Nelsie Pena, Warren Pena’s mom, was handing out Mangiacopra postcards at Columbus. She was optimistic. “The Spanish people, they told me, you know,” she said. “We voting for Vinny, they say.”
Elly Robinson voted for Mangiacopra. “It was close,” she said. “I was thinking about Rilling but ended up with Mangiacopra.”
Both candidates visited her house, most recently Rilling.
“I liked his energy,” she said, of Mangiacopra.
Mamie Chappel said, “I voted for the right one,” but would not reveal who that was. She read the mailers to make her decision.
One woman walking away from Marvin Elementary School said she had told Rilling she voted for him, but she had voted for Miklave. “My friends said he is a very honest and caring man.”
Deb Goldstein, who doubled as a Miklave campaign worker and a Third Taxing District commissioner candidate, spent the day standing outside Marvin Elementary School. It seemed to be half Mangiacopra and half Miklave voters in the morning, she said. The afternoon seemed to be Rilling voters.
Rilling was standing down the sidewalk, further from the entrance to the polls. He seemed aghast when Frank Verheggen walked up, with the help of a walker, an oxygen tube under his nose.
Verheggen said he had walked to the poll from The Marvin senior center. He came with a friend, who also walked from The Marvin.
Rilling called campaign workers to get them a ride home, though the woman protested, “Walking is good for you!”
Verheggen said everyone at The Marvin was voting for Rilling. Asked what he liked about the former police chief, Verheggen joked that he had gotten arrested once and the food was good.
“I can’t believe the dedication,” Rilling said. “This is the American way, someone who truly appreciates that we have a right to vote in a fair election. It amazes me.”
State Rep. Chris Perone (D-Norwalk) was inside the polling place, working as the moderator. Attendance was average, he said.

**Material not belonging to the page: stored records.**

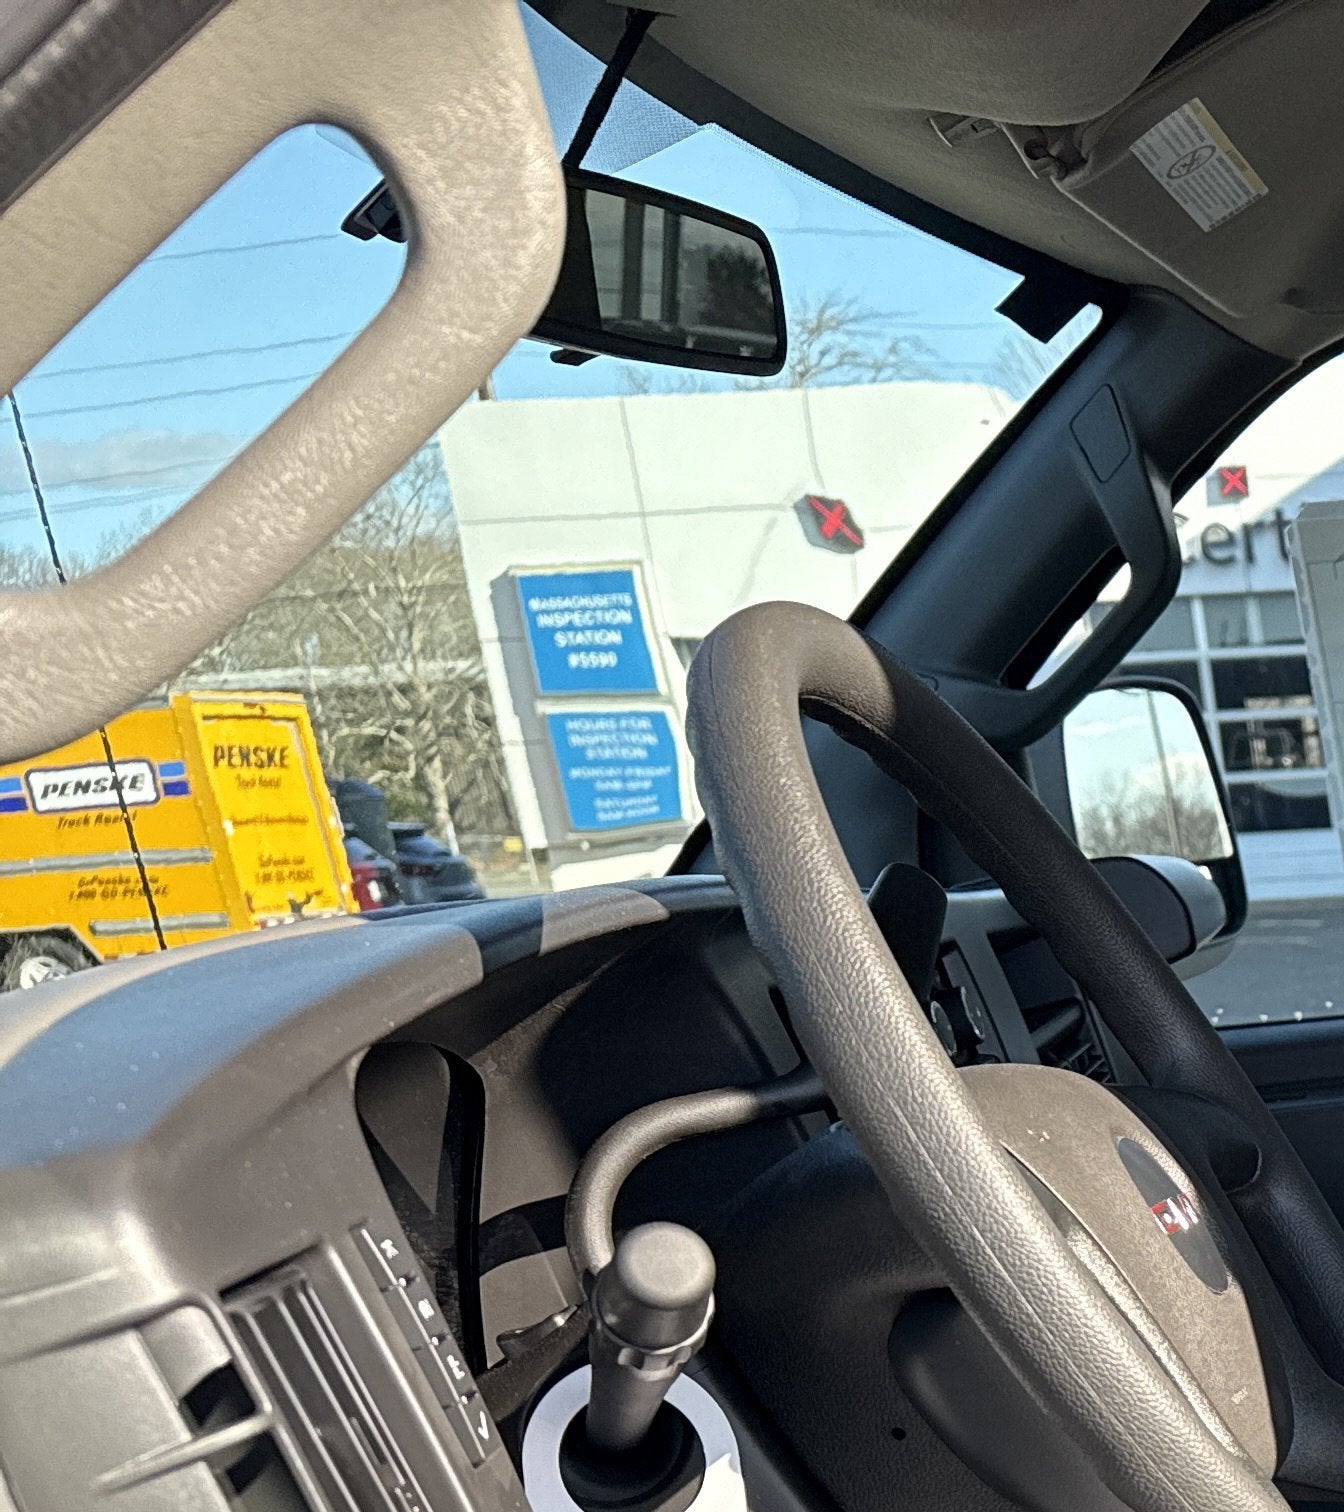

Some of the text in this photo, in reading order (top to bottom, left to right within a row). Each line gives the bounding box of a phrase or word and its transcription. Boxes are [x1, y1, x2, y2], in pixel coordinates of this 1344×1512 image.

[536, 609, 633, 628] INSPECTION
[554, 629, 622, 647] STATION
[213, 745, 289, 769] PENSKE
[41, 773, 145, 800] PENSKE
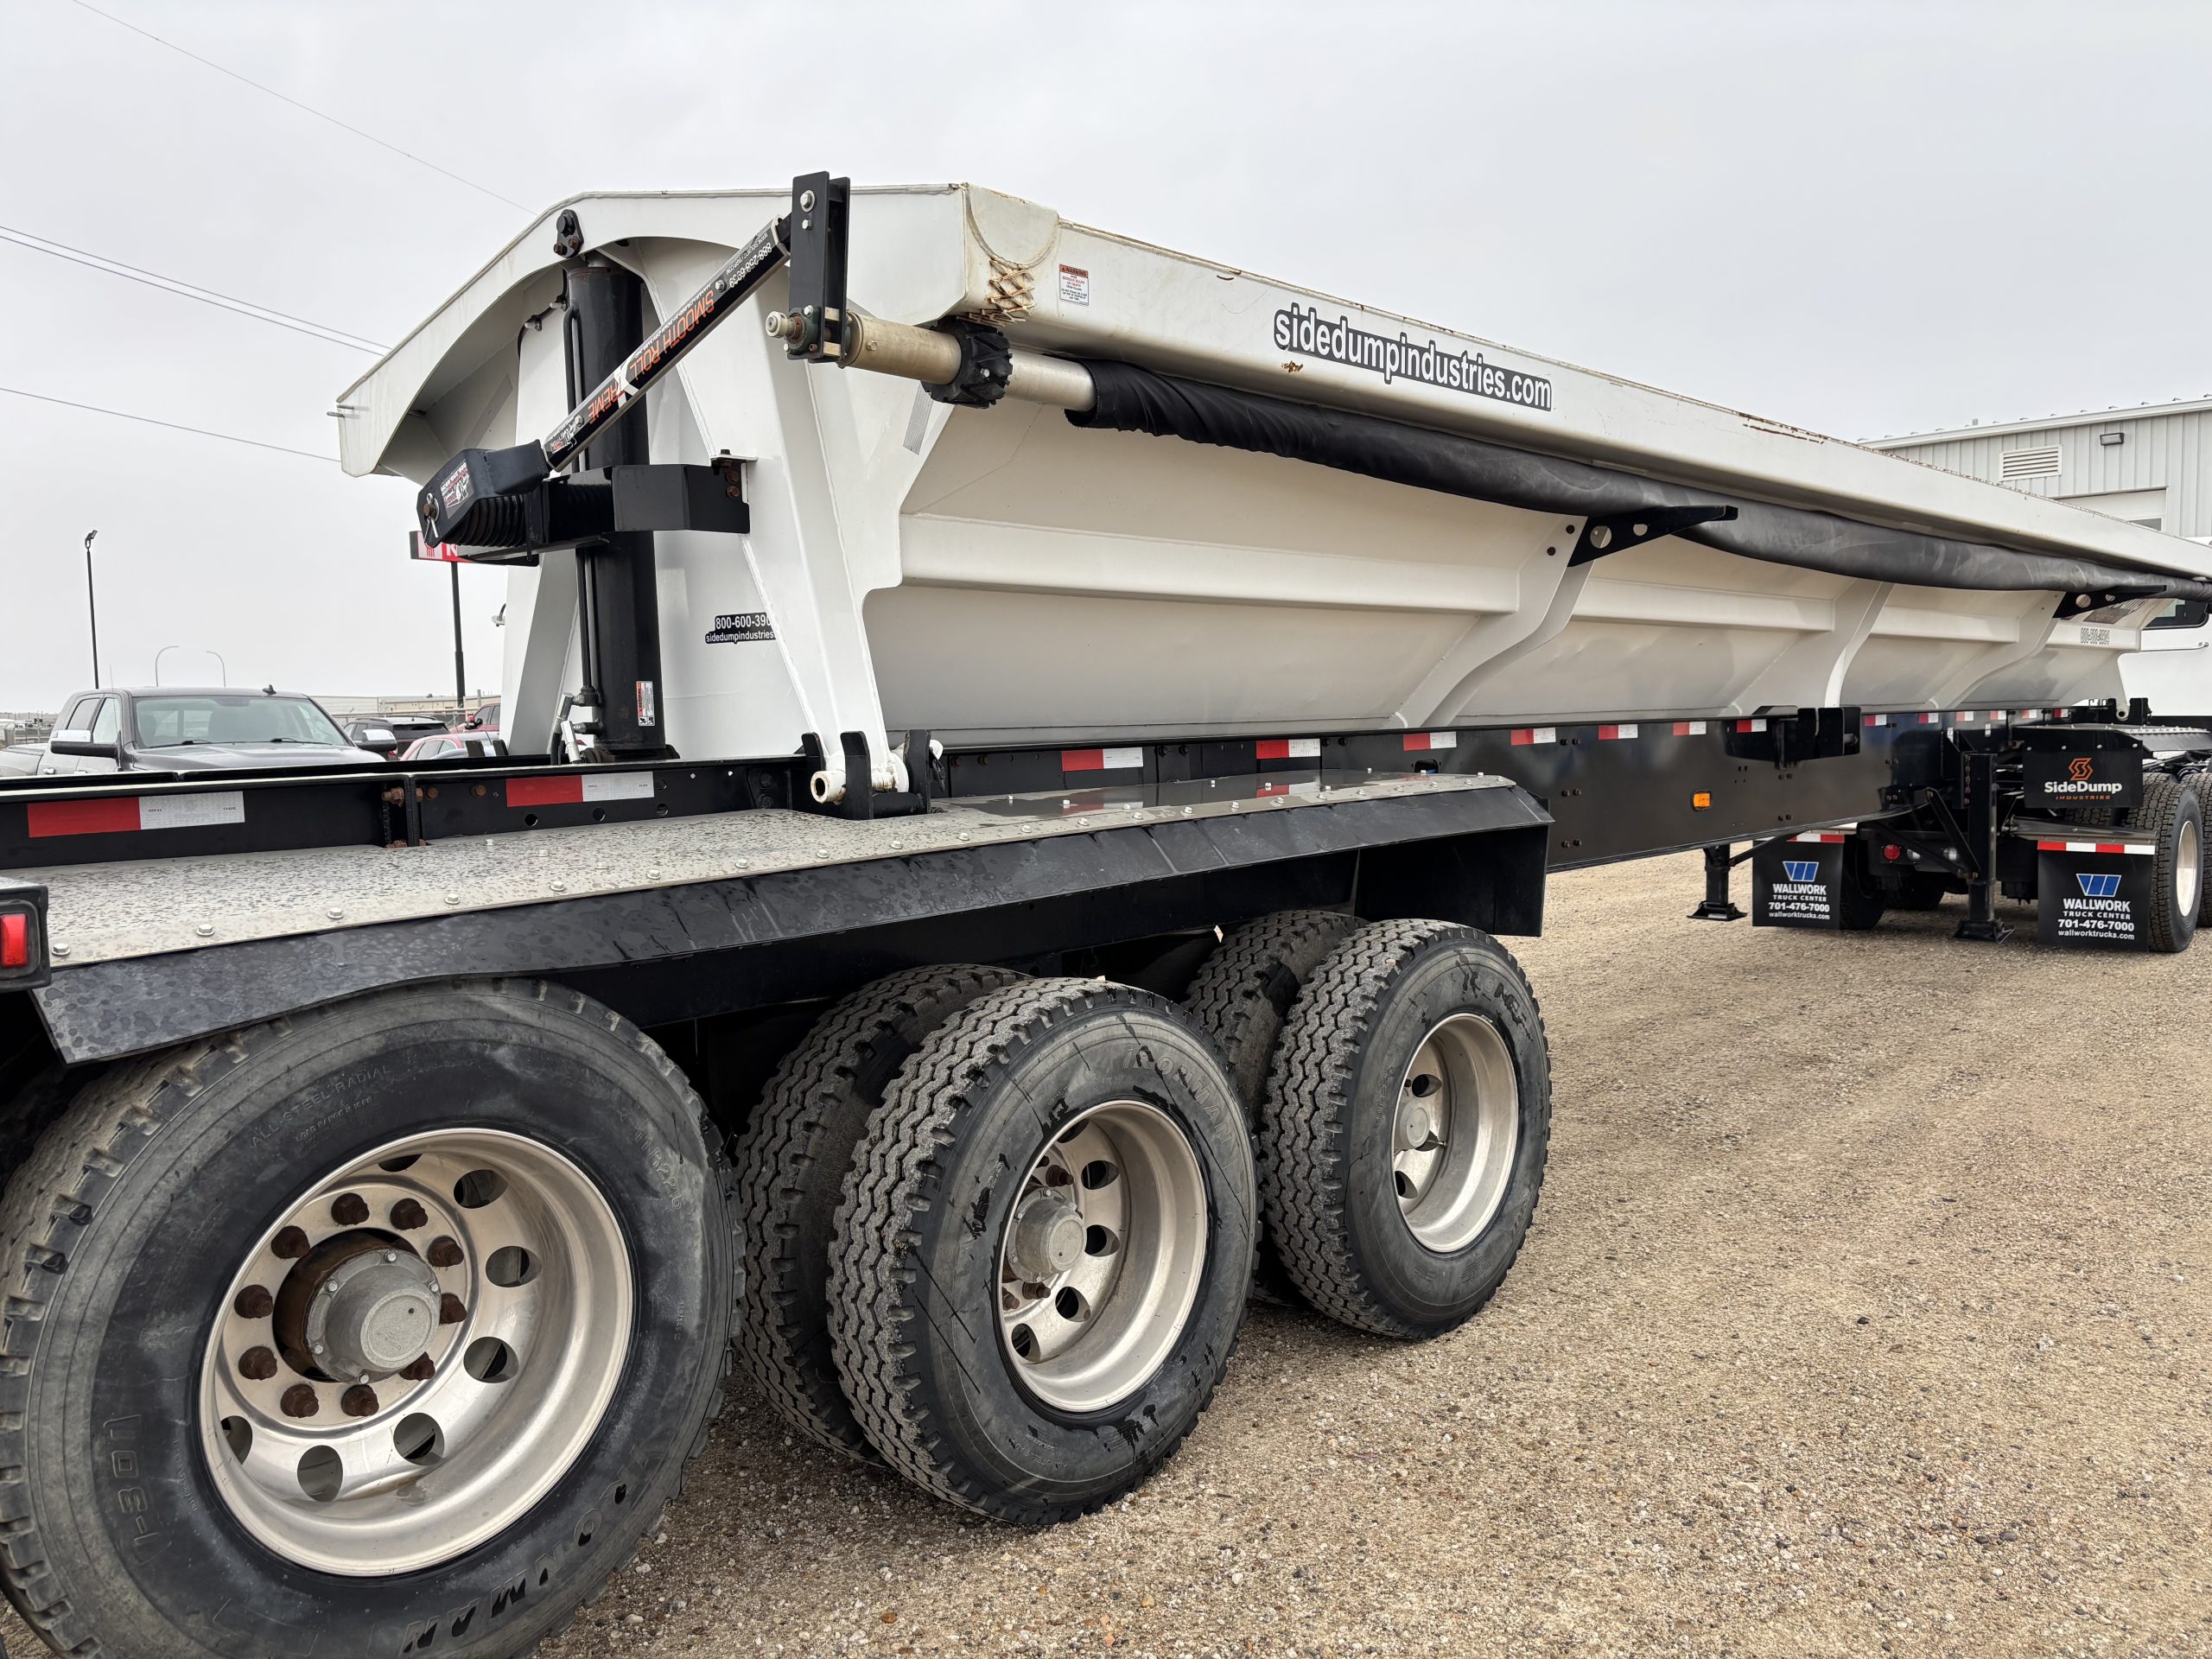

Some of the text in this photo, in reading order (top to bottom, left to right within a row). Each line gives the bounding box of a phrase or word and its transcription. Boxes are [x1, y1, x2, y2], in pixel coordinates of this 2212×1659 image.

“Overall I think the turnout has been pretty steady. It’s average, but it’s not off, which is the key thing. I think people are paying attention.”
This type of election would draw people, he said, as neighbors would vote for the person they know.
There were 393 votes cast as of 5:45 p.m. at West Rocks.
It was “steady” with 80 voters every two or three hours, Odessa Smith, the moderator, said. She said she was surprised to find three or four people waiting to vote at 6 a.m.
She said she turned away “a lot” of independent voters and people who assumed they were Democrats and were not.
Ashley Bliss-Budnick, 29, voted for Mangiacopra.
“It seems like people more of my generation, my age, support him,” she said.
Kristen Waterbury voted for Andy Garfunkel, because he is her friend, he said.
One unnamed voter said she voted for Mangiacopra because she had read a lot of “his stuff” in the paper and online and she liked his answers to questions more than the others.
One woman who kept her choice of a vote to herself said, “I really want to see a big change in education and in the community.”
Asked if she thought the Dems could win the general election, she said, “I hope so.”